Generating the Java code

The Thrift IDL example that comes with Thrift 0.9 defines a Calculator service. I will only focus on the add function for the synchronous clients. Additional Thrift features such as remote exceptions, one way calls or async RPC’s are easy to understand once the basic add function is understood.

service Calculator extends shared.SharedService {
   void ping(),
   i32 add(1:i32 num1, 2:i32 num2),
   i32 calculate(1:i32 logid, 2:Work w) throws (1:InvalidOperation ouch),
   oneway void zip()
}

The Java code that underlies the client and server are generated using:

thrift -r -gen java tutorial.thrift

The generated code is located in gen-java.

#Client side

TTransport transport = new TSocket(host, port);
TProtocol protocol = new TBinaryProtocol();
Calculator.Client client = new Calculator.Client(protocol);
int r = client.add(1,2);

The constructor of the client passes the TBinaryProtocol. This protocol will be used for all communication (in- and outgoing) between client and server.
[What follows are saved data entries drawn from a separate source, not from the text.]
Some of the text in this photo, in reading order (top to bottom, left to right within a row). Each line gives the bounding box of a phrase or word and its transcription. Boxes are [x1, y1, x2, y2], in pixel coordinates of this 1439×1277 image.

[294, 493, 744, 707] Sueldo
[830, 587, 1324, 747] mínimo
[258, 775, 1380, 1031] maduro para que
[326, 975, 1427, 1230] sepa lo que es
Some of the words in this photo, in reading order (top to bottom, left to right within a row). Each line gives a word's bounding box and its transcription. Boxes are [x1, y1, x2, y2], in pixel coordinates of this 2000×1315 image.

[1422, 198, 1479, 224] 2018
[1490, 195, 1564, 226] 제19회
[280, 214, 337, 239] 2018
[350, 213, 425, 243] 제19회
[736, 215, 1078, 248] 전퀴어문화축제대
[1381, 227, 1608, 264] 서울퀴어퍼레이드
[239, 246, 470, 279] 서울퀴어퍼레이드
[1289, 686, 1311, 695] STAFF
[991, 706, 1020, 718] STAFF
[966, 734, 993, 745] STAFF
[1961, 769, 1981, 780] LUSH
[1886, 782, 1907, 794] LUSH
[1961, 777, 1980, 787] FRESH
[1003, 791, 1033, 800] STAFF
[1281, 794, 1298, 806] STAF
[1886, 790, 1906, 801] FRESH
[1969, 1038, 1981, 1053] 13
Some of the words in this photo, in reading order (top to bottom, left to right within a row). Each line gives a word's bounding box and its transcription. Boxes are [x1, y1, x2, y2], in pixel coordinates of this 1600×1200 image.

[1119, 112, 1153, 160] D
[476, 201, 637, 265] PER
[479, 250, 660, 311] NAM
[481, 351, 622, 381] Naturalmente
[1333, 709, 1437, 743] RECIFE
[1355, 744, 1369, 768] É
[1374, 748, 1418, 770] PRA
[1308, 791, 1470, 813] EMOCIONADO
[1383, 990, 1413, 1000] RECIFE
Calculator.Client (TProtocol p) {
  super (p);
}
// Calculate.Client extends org.apache.thrift.TServiceClient
TServiceClient (TProtocol p) {
 iprot_ = p; // input protocol
 oprot_ = p; // output protocol
}

The client makes a RPC to the server using 2 arguments and expects an integer as result.

int r = client.add (1,2);

The generated code transforms this function call to a sequence of sending and receving information. The main information to be send is the name of the function to be called “ add” and the arguments: 1 and 2.

int Calculator.Client.add (int num1, int num2) {
  send_add (i1,i2);
  return recv_add ();
}

void Calculator.Client.send_add (int num1, int num2) {
  add_args a = new add_args ();
  a.setNum1 (num1);
  a.setNum2 (num2);
  sendBase ("add", a);
}

The arguments (similar for the results) for each services are wrapped into a Java class. The class add_args (derived from TBase) is a placeholder for the arguments of the RPC. The function sendBase is implemented by the TServiceClient, the parent of Calculator.Client

void TServiceClient.sendBase (String name, TBase args) {
  oprot_.writeMessageBegin (new TMessage(methodName, TMessageType.CALL, ++seqid));
  args.write (oprot_);
  oprot_.writeMessagEnd ();
  oprot_.getTransport ().flush ();
}

The sendBase writes the header of the RPC to the protocol, then the instance of the argument class (add_args) writes the values (1 and 2) to the TProtocol, the parent class writes the tail of the RPC and finally, the tranport layer is called to send the message to the server.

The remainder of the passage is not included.